Адомас опустил голову. Взгляд вяло скользнул по пустому бокалу.
— И ты осудил? — прошептал он. — Что ты знаешь, что ты можешь знать?..
Гедиминас наполнил бокалы.
— Не осуждаю, но и не жалею, — жестко сказал он. — И ничего знать не хочу. Выпьем эту бутылку, и пошли спать. Ума не приложу: зачем ты притащился ко мне посреди ночи? Ведь не из одного желания схватить меня за глотку и душить, пока глаза на лоб не полезут?
Адомас рассмеялся. Смех был такой неуместный и жуткий, что у Гедиминаса по спине побежали мурашки.
— Пришел опорожниться в чужую комнату, — не шелохнувшись сказал он. — Я не из тех людей, которые не переносят, когда воняет только у них дома. — Ломая трясущимися пальцами спички, он закурил, схватил бокал, выпил, налил себе еще, снова опрокинул. И продолжал говорить, выкуривая сигарету за сигаретой, не отрывая глаз от столешницы, словно на столе сидело невидимое существо, которое — единственное в мире — понимало его и могло утешить. По щекам текли пьяные слезы. Его рассказ время от времени прерывал страшноватый, вроде предсмертного хрипа скотины, смех, и Гедиминас с надеждой думал, что Адомасу не достанет сил и мужества продолжить, и кончится наконец эта пытка. Но тот шаг за шагом взбирался на вершину голгофы, и толкало его не желание оправдаться, взвалить на свои плечи сладостное бремя покаяния, а безнадежная попытка убежать от недавно пережитого ужаса.

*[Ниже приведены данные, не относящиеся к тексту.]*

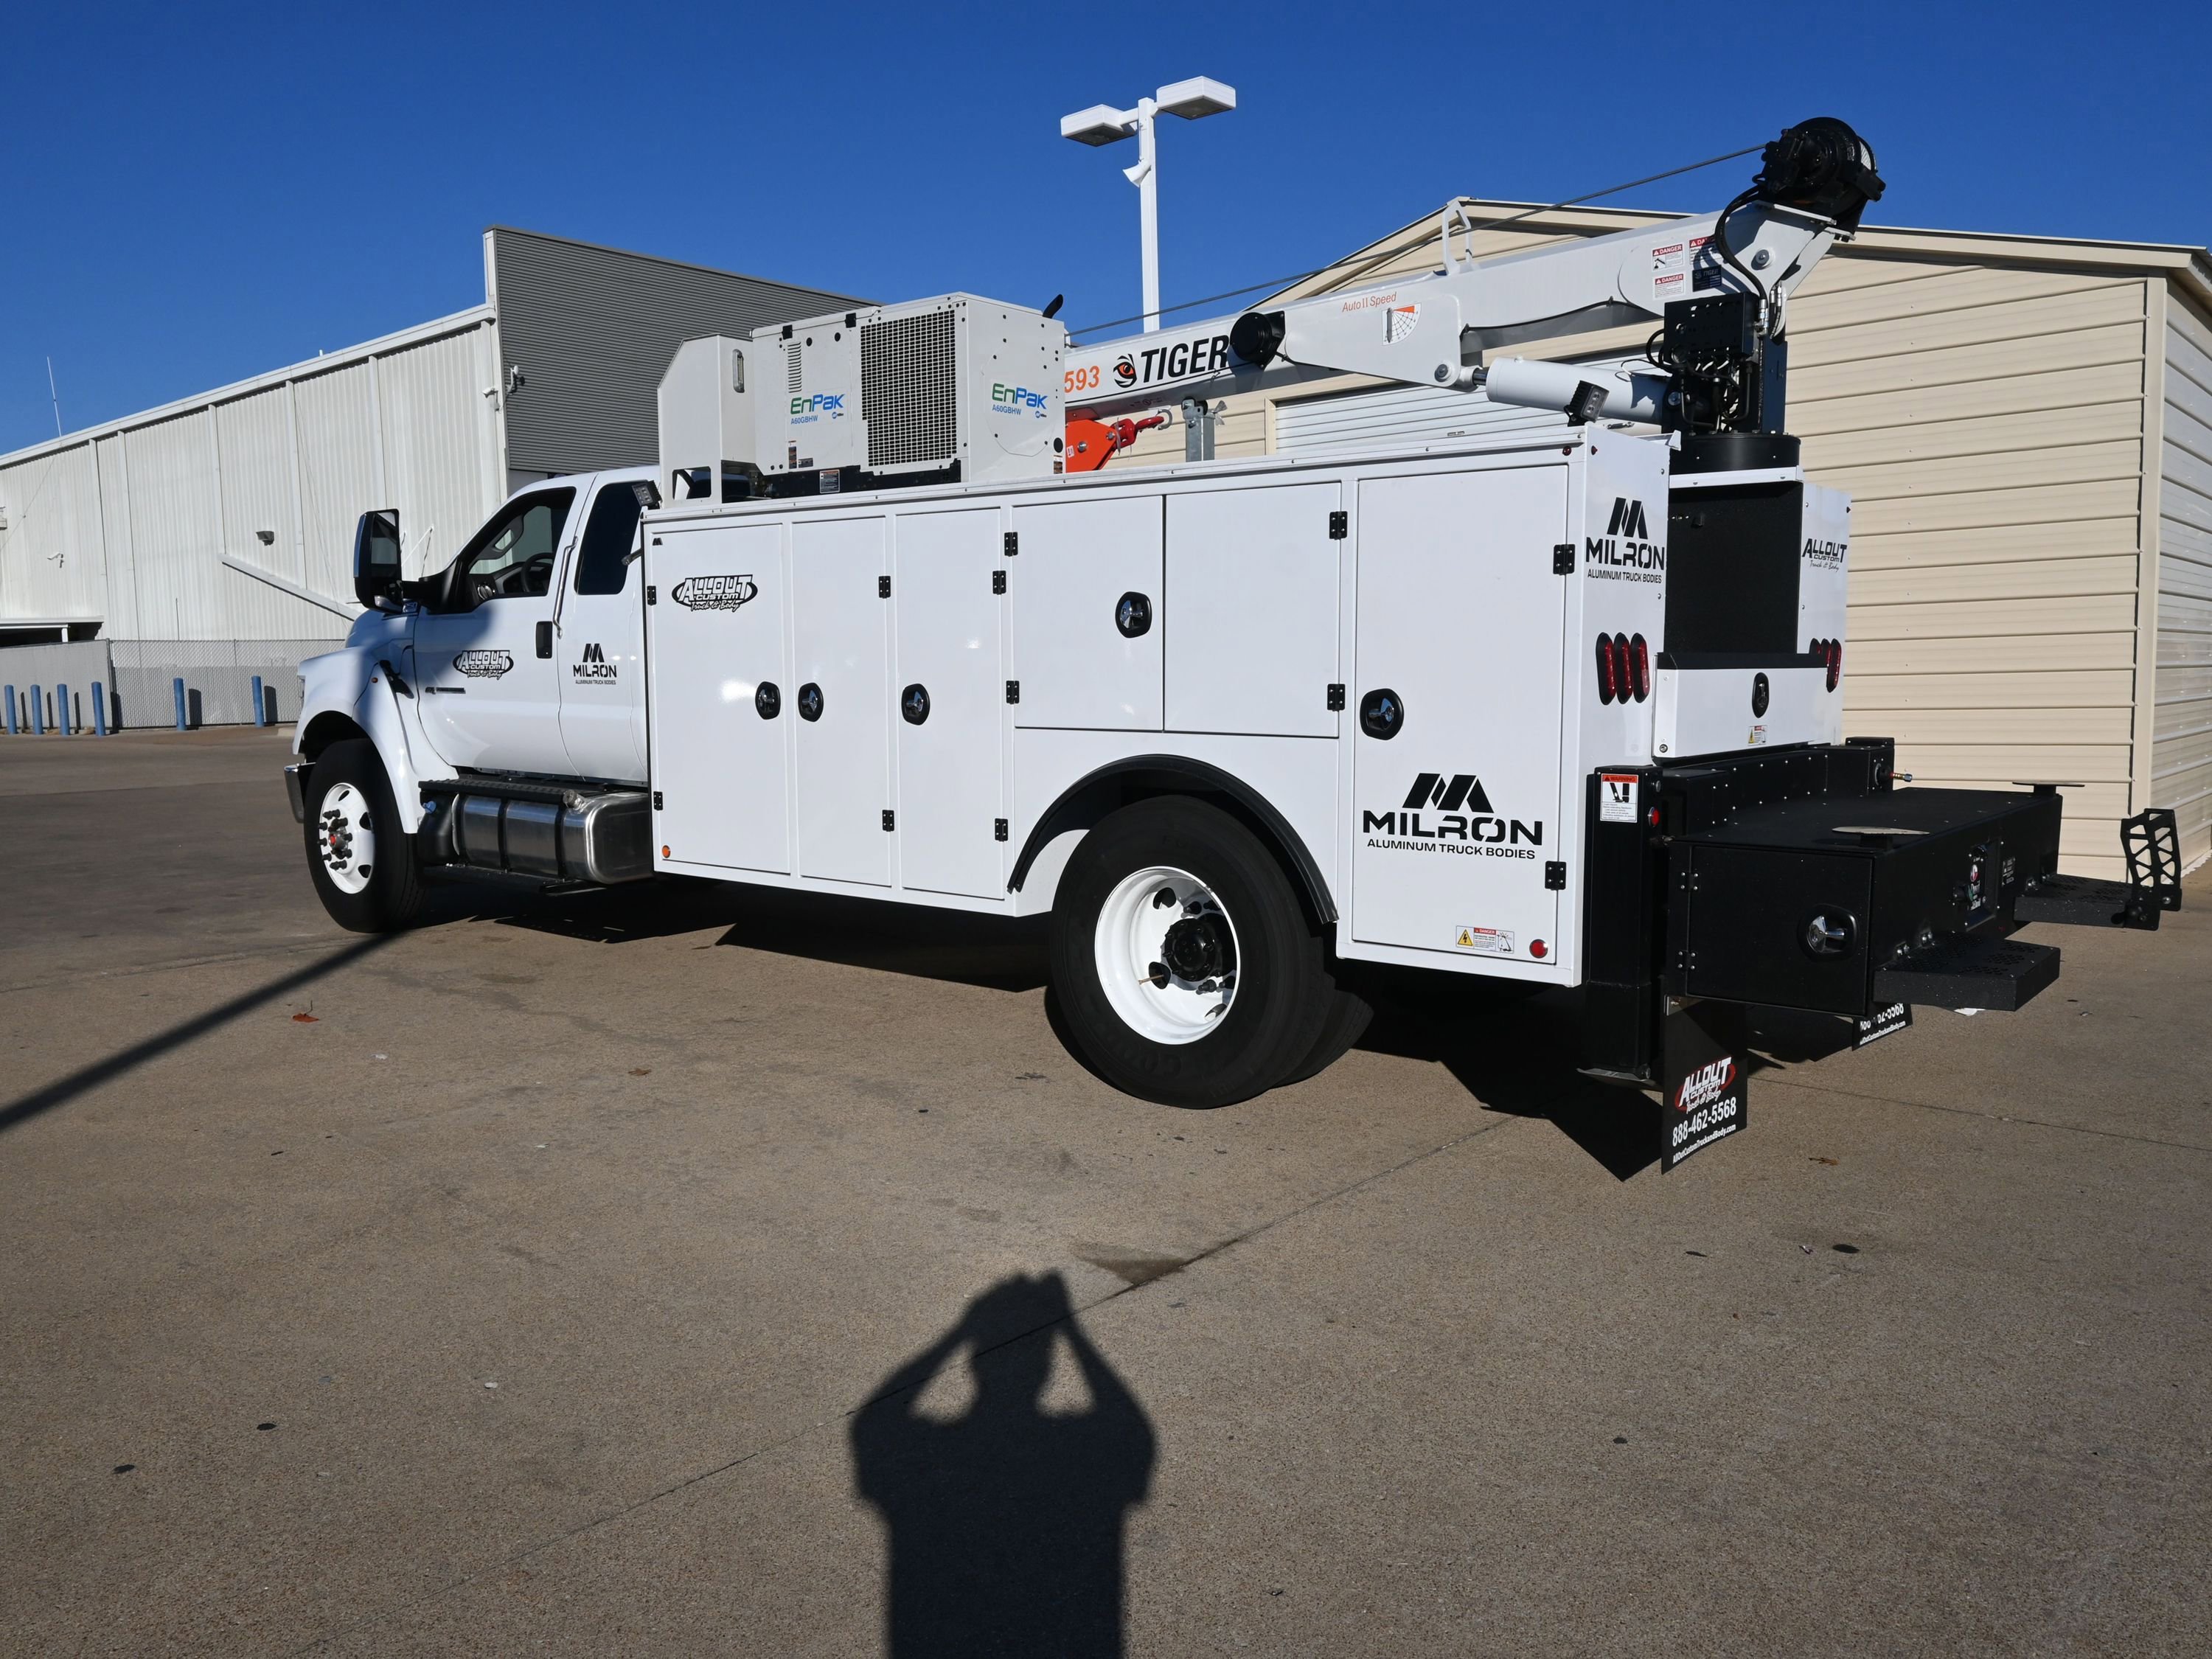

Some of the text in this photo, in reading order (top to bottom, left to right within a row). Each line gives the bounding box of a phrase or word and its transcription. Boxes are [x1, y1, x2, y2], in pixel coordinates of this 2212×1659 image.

[1659, 245, 1682, 254] DANGER
[1661, 275, 1683, 283] DANGER
[1342, 302, 1361, 313] Auto
[1369, 291, 1397, 307] Speed
[1141, 335, 1230, 383] TIGER
[790, 394, 845, 414] EnPak
[992, 383, 1048, 409] EnPak
[992, 404, 1022, 415] A60GBHW
[790, 415, 818, 425] A60GBHW
[1585, 537, 1665, 571] MILRON
[1801, 538, 1848, 563] ALLOUT
[1813, 554, 1840, 563] CUSTOM
[1587, 568, 1662, 584] ALUMINUM TRUCK BODIES
[678, 575, 753, 602] ALLOUT
[695, 593, 739, 601] CUSTOM
[720, 599, 740, 613] Body
[457, 650, 510, 670] ALLOUT
[572, 664, 617, 678] MILRON
[1363, 810, 1543, 846] MILRON
[1367, 838, 1536, 860] ALUMINUM TRUCK BODIES
[1678, 1057, 1732, 1107] ALLOUT
[1690, 1079, 1721, 1099] CUSTOM
[1672, 1096, 1737, 1147] 888-462-5568
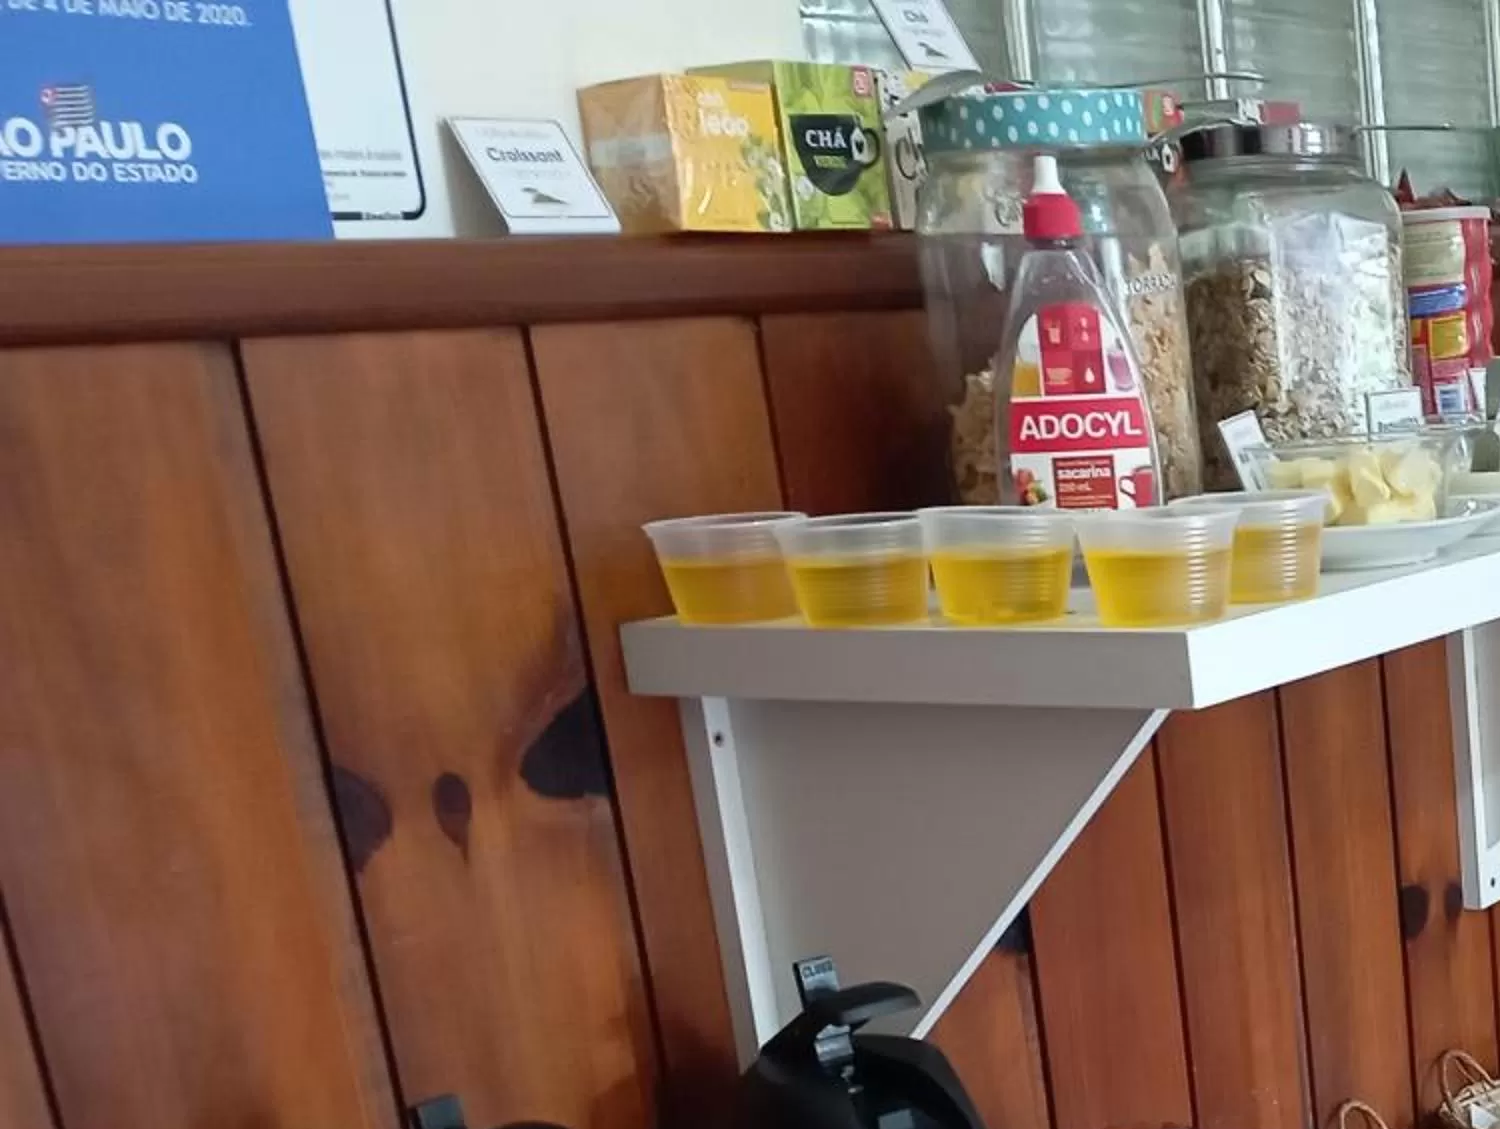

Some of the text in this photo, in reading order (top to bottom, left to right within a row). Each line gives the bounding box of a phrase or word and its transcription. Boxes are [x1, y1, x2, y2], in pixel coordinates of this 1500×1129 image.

[63, 0, 93, 15] DE
[99, 0, 159, 20] MAIO
[164, 1, 193, 22] DE
[50, 121, 192, 161] PAULO
[805, 126, 847, 149] CHÁ
[486, 147, 565, 163] Croissant
[0, 160, 198, 183] ERNO DO ESTADO
[1020, 411, 1142, 441] ADOCYL
[1057, 466, 1111, 480] sacarina
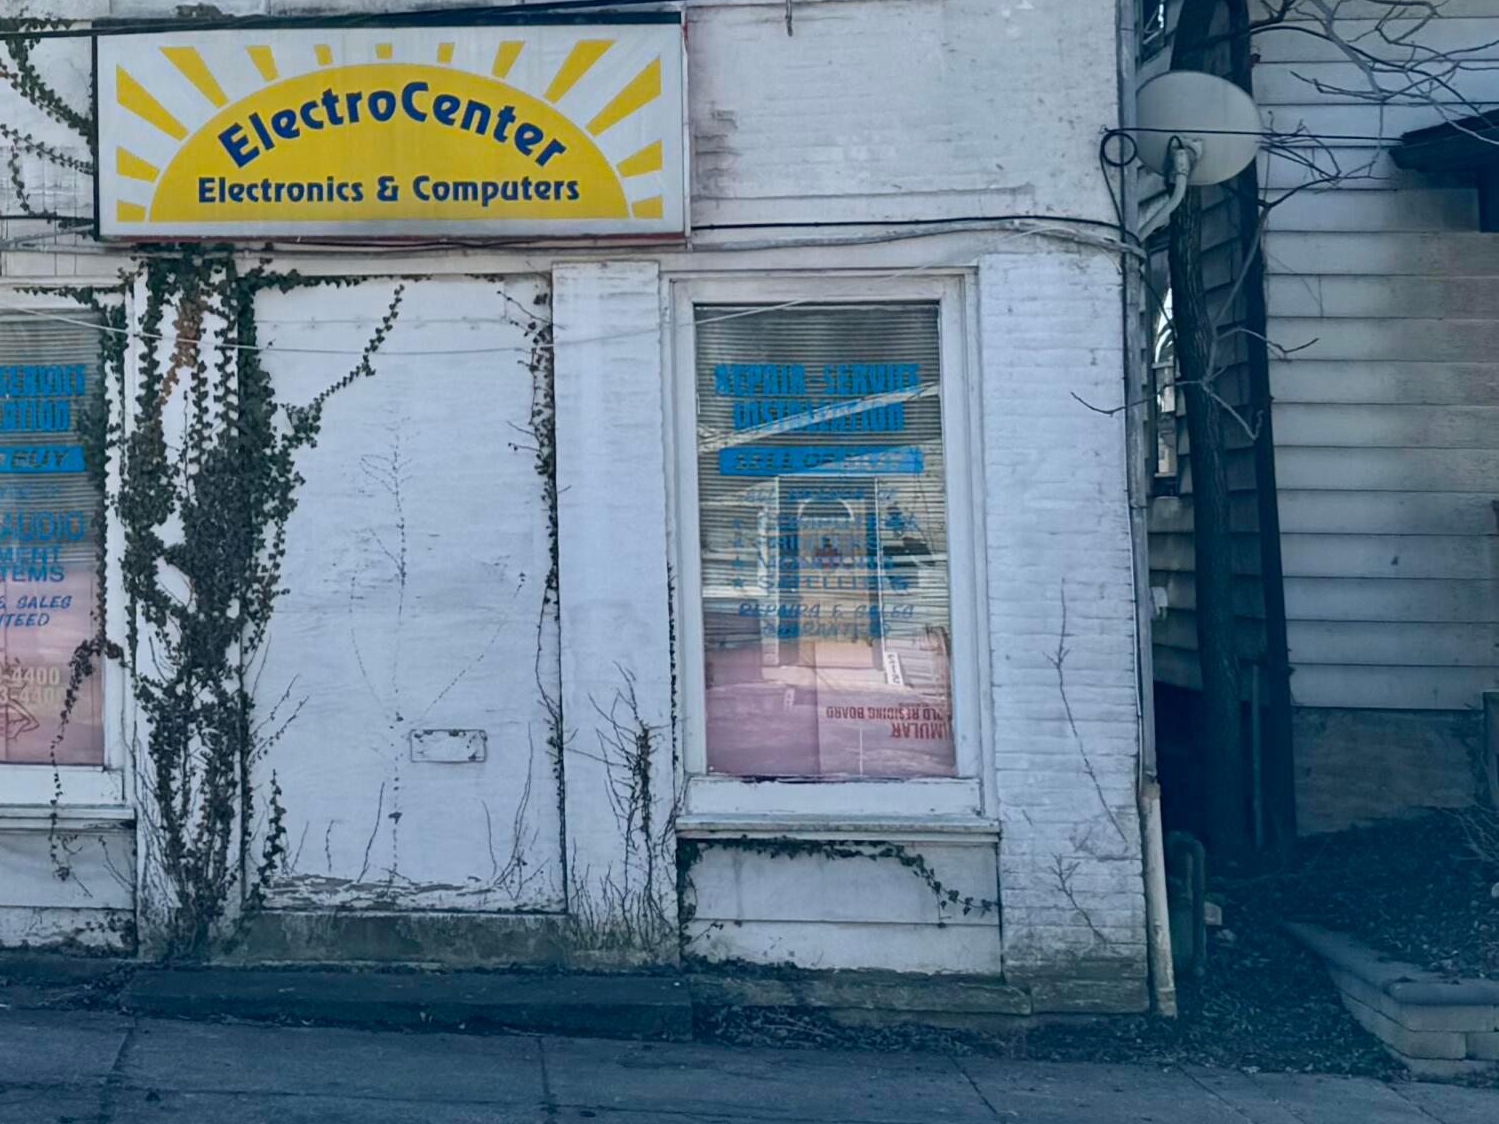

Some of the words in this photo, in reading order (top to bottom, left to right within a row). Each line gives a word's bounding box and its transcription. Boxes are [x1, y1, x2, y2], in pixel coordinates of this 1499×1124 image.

Телефонный звонок из комендатуры. То ли просьба, то ли приказ: господин Ропп желает немедленно встретиться. С чего это вдруг? Ах, да, военные власти недовольны, что мало собрали теплой одежды в помощь войскам. Может, прикажут ходить по деревням и раздевать крестьян? Адомас сердито натягивает шинель, застегивает ремень с портупеей. Мрачный, хоть и подтянутый, стучит сапогами по обледенелому тротуару, который дворники уже успели очистить после метели. У дверей комендатуры солдат с автоматом на груди. Нахохлился, опустил наушники, под серым козырьком темнеют удивленно-испуганные глаза растерявшегося наглеца. Над дверью повис красный флаг, перевязанный куском черного крепа. В ниспадающих складках — белые куски сломанной свастики. Stalingrad, Stalingrad… Адомас едва сдержал улыбку. «Может быть, через год здесь будет развеваться трехцветный флаг, а рядом с ним, в честь освободителей, водрузим второй — полосатый, с сорока восьмью звездами в верхнем углу».